To do
So long as no pictures are carried over, output the records below exactly.

Task data
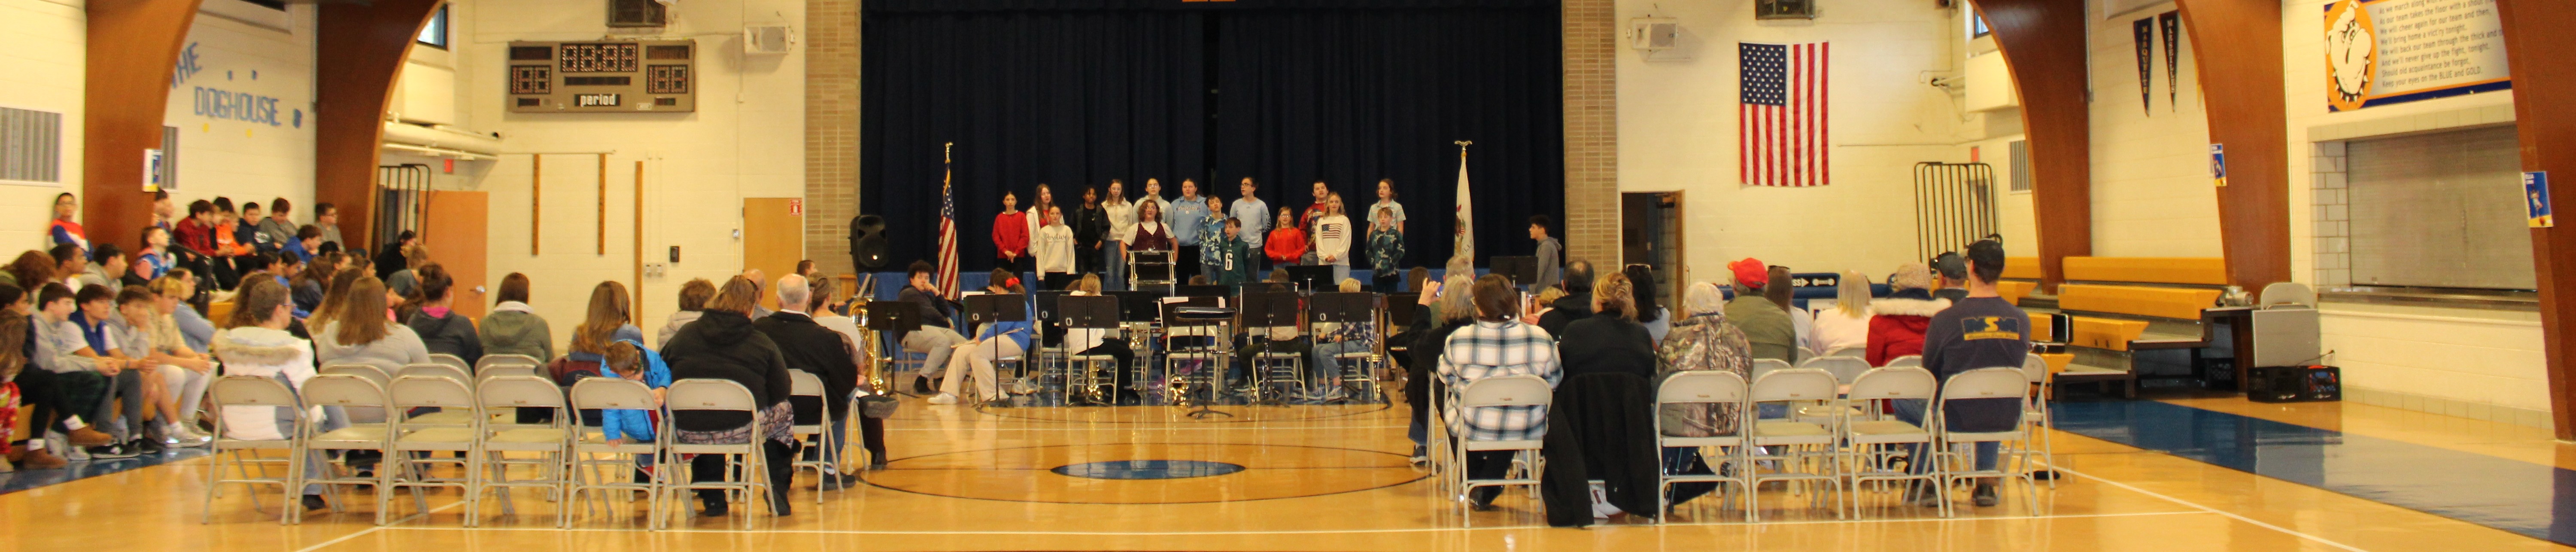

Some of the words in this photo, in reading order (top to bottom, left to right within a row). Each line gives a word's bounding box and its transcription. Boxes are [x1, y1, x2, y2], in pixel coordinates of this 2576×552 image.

[2395, 1, 2410, 11] march
[2409, 11, 2424, 19] takes
[2399, 24, 2413, 32] cheer
[2414, 21, 2428, 30] again
[2448, 14, 2462, 22] team
[2394, 35, 2407, 44] bring
[2408, 33, 2421, 41] home
[2400, 44, 2412, 53] back
[2437, 38, 2458, 46] through
[2470, 31, 2485, 41] thick
[2487, 30, 2497, 38] and
[2406, 55, 2419, 63] never
[2421, 53, 2431, 63] give
[2433, 52, 2440, 60] up
[2382, 68, 2399, 78] Should
[2400, 67, 2408, 75] old
[2409, 63, 2442, 73] acquaintance
[2395, 79, 2407, 88] your
[2408, 77, 2420, 85] eyes
[2439, 70, 2453, 79] BLUE
[2454, 69, 2465, 77] and
[195, 86, 282, 126] DOGHOUSE
[580, 94, 615, 107] period
[1225, 253, 1233, 271] 6

Completed exercise
Some of the words in this photo, in reading order (top to bottom, left to right within a row). Each line gives a word's bounding box and its transcription. Boxes are [x1, y1, x2, y2], in pixel coordinates of this 2576×552 image.

[2395, 1, 2410, 11] march
[2409, 11, 2424, 19] takes
[2399, 24, 2413, 32] cheer
[2414, 21, 2428, 30] again
[2448, 14, 2462, 22] team
[2394, 35, 2407, 44] bring
[2408, 33, 2421, 41] home
[2400, 44, 2412, 53] back
[2437, 38, 2458, 46] through
[2470, 31, 2485, 41] thick
[2487, 30, 2497, 38] and
[2406, 55, 2419, 63] never
[2421, 53, 2431, 63] give
[2433, 52, 2440, 60] up
[2382, 68, 2399, 78] Should
[2400, 67, 2408, 75] old
[2409, 63, 2442, 73] acquaintance
[2395, 79, 2407, 88] your
[2408, 77, 2420, 85] eyes
[2439, 70, 2453, 79] BLUE
[2454, 69, 2465, 77] and
[195, 86, 282, 126] DOGHOUSE
[580, 94, 615, 107] period
[1225, 253, 1233, 271] 6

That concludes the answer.